(Stored items)
-- Opening Marker --

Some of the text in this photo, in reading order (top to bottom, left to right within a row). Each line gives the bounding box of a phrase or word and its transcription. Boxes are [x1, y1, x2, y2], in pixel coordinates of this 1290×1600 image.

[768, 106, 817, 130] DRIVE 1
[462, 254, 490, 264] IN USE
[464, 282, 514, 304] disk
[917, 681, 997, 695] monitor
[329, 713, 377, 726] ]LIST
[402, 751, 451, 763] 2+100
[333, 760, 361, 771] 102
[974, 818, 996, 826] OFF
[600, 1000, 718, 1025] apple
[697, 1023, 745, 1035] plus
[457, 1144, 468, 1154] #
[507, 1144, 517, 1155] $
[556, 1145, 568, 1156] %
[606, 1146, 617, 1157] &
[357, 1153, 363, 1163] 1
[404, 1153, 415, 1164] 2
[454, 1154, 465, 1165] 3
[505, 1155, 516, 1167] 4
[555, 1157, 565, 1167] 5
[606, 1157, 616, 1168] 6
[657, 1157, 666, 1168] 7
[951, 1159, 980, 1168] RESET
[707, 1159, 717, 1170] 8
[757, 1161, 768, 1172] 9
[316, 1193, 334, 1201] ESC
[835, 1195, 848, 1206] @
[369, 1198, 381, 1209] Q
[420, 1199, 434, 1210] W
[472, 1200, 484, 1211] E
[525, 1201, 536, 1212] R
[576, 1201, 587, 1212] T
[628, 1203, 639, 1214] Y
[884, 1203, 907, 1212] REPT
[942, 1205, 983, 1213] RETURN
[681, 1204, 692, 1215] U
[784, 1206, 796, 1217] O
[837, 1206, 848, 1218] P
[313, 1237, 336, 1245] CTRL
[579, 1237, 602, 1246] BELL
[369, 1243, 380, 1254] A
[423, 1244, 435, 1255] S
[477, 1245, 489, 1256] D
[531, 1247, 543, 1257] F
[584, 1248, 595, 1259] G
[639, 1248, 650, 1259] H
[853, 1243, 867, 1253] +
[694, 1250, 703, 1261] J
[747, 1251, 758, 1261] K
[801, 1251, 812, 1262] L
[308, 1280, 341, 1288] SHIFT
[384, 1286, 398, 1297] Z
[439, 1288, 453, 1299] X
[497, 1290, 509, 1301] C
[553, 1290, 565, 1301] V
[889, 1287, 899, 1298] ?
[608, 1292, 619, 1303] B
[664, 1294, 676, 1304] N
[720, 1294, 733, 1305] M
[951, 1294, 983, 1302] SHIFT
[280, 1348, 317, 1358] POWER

-- Closing Marker --

Check every line of the records, and copy the ones that hold the word "SHIFT".

▸ Response for this exercise
[308, 1280, 341, 1288] SHIFT
[951, 1294, 983, 1302] SHIFT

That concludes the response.